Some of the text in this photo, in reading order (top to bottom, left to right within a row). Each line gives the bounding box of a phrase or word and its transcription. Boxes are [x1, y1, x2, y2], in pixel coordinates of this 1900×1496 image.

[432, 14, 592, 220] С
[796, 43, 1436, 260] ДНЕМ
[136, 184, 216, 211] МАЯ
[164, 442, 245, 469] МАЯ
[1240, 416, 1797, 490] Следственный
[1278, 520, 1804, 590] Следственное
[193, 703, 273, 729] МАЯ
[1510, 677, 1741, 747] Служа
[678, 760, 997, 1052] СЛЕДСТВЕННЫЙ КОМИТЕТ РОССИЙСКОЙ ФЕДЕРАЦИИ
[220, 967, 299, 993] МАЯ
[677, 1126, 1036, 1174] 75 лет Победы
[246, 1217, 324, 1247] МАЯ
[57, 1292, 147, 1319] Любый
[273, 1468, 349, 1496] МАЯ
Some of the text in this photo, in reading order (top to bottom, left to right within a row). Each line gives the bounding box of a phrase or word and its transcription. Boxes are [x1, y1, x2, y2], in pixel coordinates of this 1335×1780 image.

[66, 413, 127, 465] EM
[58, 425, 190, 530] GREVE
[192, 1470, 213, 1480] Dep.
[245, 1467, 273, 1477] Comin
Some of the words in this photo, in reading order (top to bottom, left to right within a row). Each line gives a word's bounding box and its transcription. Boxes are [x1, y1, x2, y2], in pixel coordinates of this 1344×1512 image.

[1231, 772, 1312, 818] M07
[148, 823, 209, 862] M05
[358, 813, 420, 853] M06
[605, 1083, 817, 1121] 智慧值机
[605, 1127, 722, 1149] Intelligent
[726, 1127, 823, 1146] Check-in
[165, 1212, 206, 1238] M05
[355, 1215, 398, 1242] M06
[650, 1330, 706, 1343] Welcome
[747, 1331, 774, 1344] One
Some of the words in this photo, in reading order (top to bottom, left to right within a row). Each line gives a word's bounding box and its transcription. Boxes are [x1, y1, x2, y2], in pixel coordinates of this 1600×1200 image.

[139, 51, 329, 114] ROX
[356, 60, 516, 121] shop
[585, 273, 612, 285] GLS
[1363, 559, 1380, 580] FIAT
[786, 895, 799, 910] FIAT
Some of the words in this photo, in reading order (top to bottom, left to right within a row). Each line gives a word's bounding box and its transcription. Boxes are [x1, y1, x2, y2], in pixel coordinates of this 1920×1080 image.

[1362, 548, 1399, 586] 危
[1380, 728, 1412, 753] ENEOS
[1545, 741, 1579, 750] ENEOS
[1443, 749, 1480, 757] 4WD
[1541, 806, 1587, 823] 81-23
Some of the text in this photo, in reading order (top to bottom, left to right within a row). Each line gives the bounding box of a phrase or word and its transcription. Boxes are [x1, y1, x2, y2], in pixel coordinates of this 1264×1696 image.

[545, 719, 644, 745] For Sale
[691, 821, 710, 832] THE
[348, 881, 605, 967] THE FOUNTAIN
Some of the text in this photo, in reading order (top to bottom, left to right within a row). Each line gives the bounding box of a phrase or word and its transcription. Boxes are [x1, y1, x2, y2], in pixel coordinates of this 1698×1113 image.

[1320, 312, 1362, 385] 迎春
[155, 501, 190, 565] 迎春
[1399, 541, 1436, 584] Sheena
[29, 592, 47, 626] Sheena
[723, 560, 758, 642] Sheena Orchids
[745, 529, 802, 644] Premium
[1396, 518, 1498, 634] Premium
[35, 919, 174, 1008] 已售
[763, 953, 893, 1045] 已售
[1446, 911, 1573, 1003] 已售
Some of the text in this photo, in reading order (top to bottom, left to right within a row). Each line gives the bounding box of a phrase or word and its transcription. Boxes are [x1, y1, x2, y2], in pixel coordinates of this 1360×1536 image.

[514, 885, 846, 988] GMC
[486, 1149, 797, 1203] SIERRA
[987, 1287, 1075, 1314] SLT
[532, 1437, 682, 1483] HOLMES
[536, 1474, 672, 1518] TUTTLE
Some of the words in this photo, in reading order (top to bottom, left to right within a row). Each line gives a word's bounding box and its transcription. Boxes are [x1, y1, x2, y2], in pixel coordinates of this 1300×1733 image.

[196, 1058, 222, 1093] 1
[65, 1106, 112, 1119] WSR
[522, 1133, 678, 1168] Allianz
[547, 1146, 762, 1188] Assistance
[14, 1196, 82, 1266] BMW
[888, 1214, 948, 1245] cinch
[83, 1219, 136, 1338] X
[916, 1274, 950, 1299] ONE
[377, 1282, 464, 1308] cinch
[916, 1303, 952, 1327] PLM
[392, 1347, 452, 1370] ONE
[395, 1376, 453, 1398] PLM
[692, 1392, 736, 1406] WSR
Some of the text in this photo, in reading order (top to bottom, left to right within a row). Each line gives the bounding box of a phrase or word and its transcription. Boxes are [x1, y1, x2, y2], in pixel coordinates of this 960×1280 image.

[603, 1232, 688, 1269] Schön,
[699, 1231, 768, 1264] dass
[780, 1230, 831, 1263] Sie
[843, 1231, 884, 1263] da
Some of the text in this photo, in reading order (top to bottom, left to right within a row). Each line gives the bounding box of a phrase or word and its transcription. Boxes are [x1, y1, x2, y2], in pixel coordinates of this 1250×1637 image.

To do – Set down the full listing. Keep every line exact.

Your response –
Some of the text in this photo, in reading order (top to bottom, left to right within a row). Each line gives the bounding box of a phrase or word and its transcription. Boxes are [x1, y1, x2, y2], in pixel coordinates of this 1900×1496 image.

[432, 14, 592, 220] С
[796, 43, 1436, 260] ДНЕМ
[136, 184, 216, 211] МАЯ
[164, 442, 245, 469] МАЯ
[1240, 416, 1797, 490] Следственный
[1278, 520, 1804, 590] Следственное
[193, 703, 273, 729] МАЯ
[1510, 677, 1741, 747] Служа
[678, 760, 997, 1052] СЛЕДСТВЕННЫЙ КОМИТЕТ РОССИЙСКОЙ ФЕДЕРАЦИИ
[220, 967, 299, 993] МАЯ
[677, 1126, 1036, 1174] 75 лет Победы
[246, 1217, 324, 1247] МАЯ
[57, 1292, 147, 1319] Любый
[273, 1468, 349, 1496] МАЯ
Some of the text in this photo, in reading order (top to bottom, left to right within a row). Each line gives the bounding box of a phrase or word and its transcription. Boxes are [x1, y1, x2, y2], in pixel coordinates of this 1335×1780 image.

[66, 413, 127, 465] EM
[58, 425, 190, 530] GREVE
[192, 1470, 213, 1480] Dep.
[245, 1467, 273, 1477] Comin
Some of the words in this photo, in reading order (top to bottom, left to right within a row). Each line gives a word's bounding box and its transcription. Boxes are [x1, y1, x2, y2], in pixel coordinates of this 1344×1512 image.

[1231, 772, 1312, 818] M07
[148, 823, 209, 862] M05
[358, 813, 420, 853] M06
[605, 1083, 817, 1121] 智慧值机
[605, 1127, 722, 1149] Intelligent
[726, 1127, 823, 1146] Check-in
[165, 1212, 206, 1238] M05
[355, 1215, 398, 1242] M06
[650, 1330, 706, 1343] Welcome
[747, 1331, 774, 1344] One
Some of the words in this photo, in reading order (top to bottom, left to right within a row). Each line gives a word's bounding box and its transcription. Boxes are [x1, y1, x2, y2], in pixel coordinates of this 1600×1200 image.

[139, 51, 329, 114] ROX
[356, 60, 516, 121] shop
[585, 273, 612, 285] GLS
[1363, 559, 1380, 580] FIAT
[786, 895, 799, 910] FIAT
Some of the words in this photo, in reading order (top to bottom, left to right within a row). Each line gives a word's bounding box and its transcription. Boxes are [x1, y1, x2, y2], in pixel coordinates of this 1920×1080 image.

[1362, 548, 1399, 586] 危
[1380, 728, 1412, 753] ENEOS
[1545, 741, 1579, 750] ENEOS
[1443, 749, 1480, 757] 4WD
[1541, 806, 1587, 823] 81-23
Some of the text in this photo, in reading order (top to bottom, left to right within a row). Each line gives the bounding box of a phrase or word and its transcription. Boxes are [x1, y1, x2, y2], in pixel coordinates of this 1264×1696 image.

[545, 719, 644, 745] For Sale
[691, 821, 710, 832] THE
[348, 881, 605, 967] THE FOUNTAIN
Some of the text in this photo, in reading order (top to bottom, left to right within a row). Each line gives the bounding box of a phrase or word and its transcription. Boxes are [x1, y1, x2, y2], in pixel coordinates of this 1698×1113 image.

[1320, 312, 1362, 385] 迎春
[155, 501, 190, 565] 迎春
[1399, 541, 1436, 584] Sheena
[29, 592, 47, 626] Sheena
[723, 560, 758, 642] Sheena Orchids
[745, 529, 802, 644] Premium
[1396, 518, 1498, 634] Premium
[35, 919, 174, 1008] 已售
[763, 953, 893, 1045] 已售
[1446, 911, 1573, 1003] 已售
Some of the text in this photo, in reading order (top to bottom, left to right within a row). Each line gives the bounding box of a phrase or word and its transcription. Boxes are [x1, y1, x2, y2], in pixel coordinates of this 1360×1536 image.

[514, 885, 846, 988] GMC
[486, 1149, 797, 1203] SIERRA
[987, 1287, 1075, 1314] SLT
[532, 1437, 682, 1483] HOLMES
[536, 1474, 672, 1518] TUTTLE
Some of the words in this photo, in reading order (top to bottom, left to right within a row). Each line gives a word's bounding box and its transcription. Boxes are [x1, y1, x2, y2], in pixel coordinates of this 1300×1733 image.

[196, 1058, 222, 1093] 1
[65, 1106, 112, 1119] WSR
[522, 1133, 678, 1168] Allianz
[547, 1146, 762, 1188] Assistance
[14, 1196, 82, 1266] BMW
[888, 1214, 948, 1245] cinch
[83, 1219, 136, 1338] X
[916, 1274, 950, 1299] ONE
[377, 1282, 464, 1308] cinch
[916, 1303, 952, 1327] PLM
[392, 1347, 452, 1370] ONE
[395, 1376, 453, 1398] PLM
[692, 1392, 736, 1406] WSR
Some of the text in this photo, in reading order (top to bottom, left to right within a row). Each line gives the bounding box of a phrase or word and its transcription. Boxes are [x1, y1, x2, y2], in pixel coordinates of this 960×1280 image.

[603, 1232, 688, 1269] Schön,
[699, 1231, 768, 1264] dass
[780, 1230, 831, 1263] Sie
[843, 1231, 884, 1263] da
Some of the text in this photo, in reading order (top to bottom, left to right within a row). Each line gives the bounding box of a phrase or word and its transcription. Boxes are [x1, y1, x2, y2], in pixel coordinates of this 1250×1637 image.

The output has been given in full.